◆ Task data ◆
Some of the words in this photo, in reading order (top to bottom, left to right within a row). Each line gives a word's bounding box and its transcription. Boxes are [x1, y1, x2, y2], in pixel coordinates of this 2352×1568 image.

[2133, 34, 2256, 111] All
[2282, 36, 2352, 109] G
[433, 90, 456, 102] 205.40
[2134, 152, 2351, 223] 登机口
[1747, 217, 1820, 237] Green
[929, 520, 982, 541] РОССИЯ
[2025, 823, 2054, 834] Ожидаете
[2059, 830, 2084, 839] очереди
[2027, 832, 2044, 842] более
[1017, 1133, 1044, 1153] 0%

◆ Your instructions ◆
What you return must match the listing above exactly, with every line included.

◆ Solution to this task ◆
Some of the words in this photo, in reading order (top to bottom, left to right within a row). Each line gives a word's bounding box and its transcription. Boxes are [x1, y1, x2, y2], in pixel coordinates of this 2352×1568 image.

[2133, 34, 2256, 111] All
[2282, 36, 2352, 109] G
[433, 90, 456, 102] 205.40
[2134, 152, 2351, 223] 登机口
[1747, 217, 1820, 237] Green
[929, 520, 982, 541] РОССИЯ
[2025, 823, 2054, 834] Ожидаете
[2059, 830, 2084, 839] очереди
[2027, 832, 2044, 842] более
[1017, 1133, 1044, 1153] 0%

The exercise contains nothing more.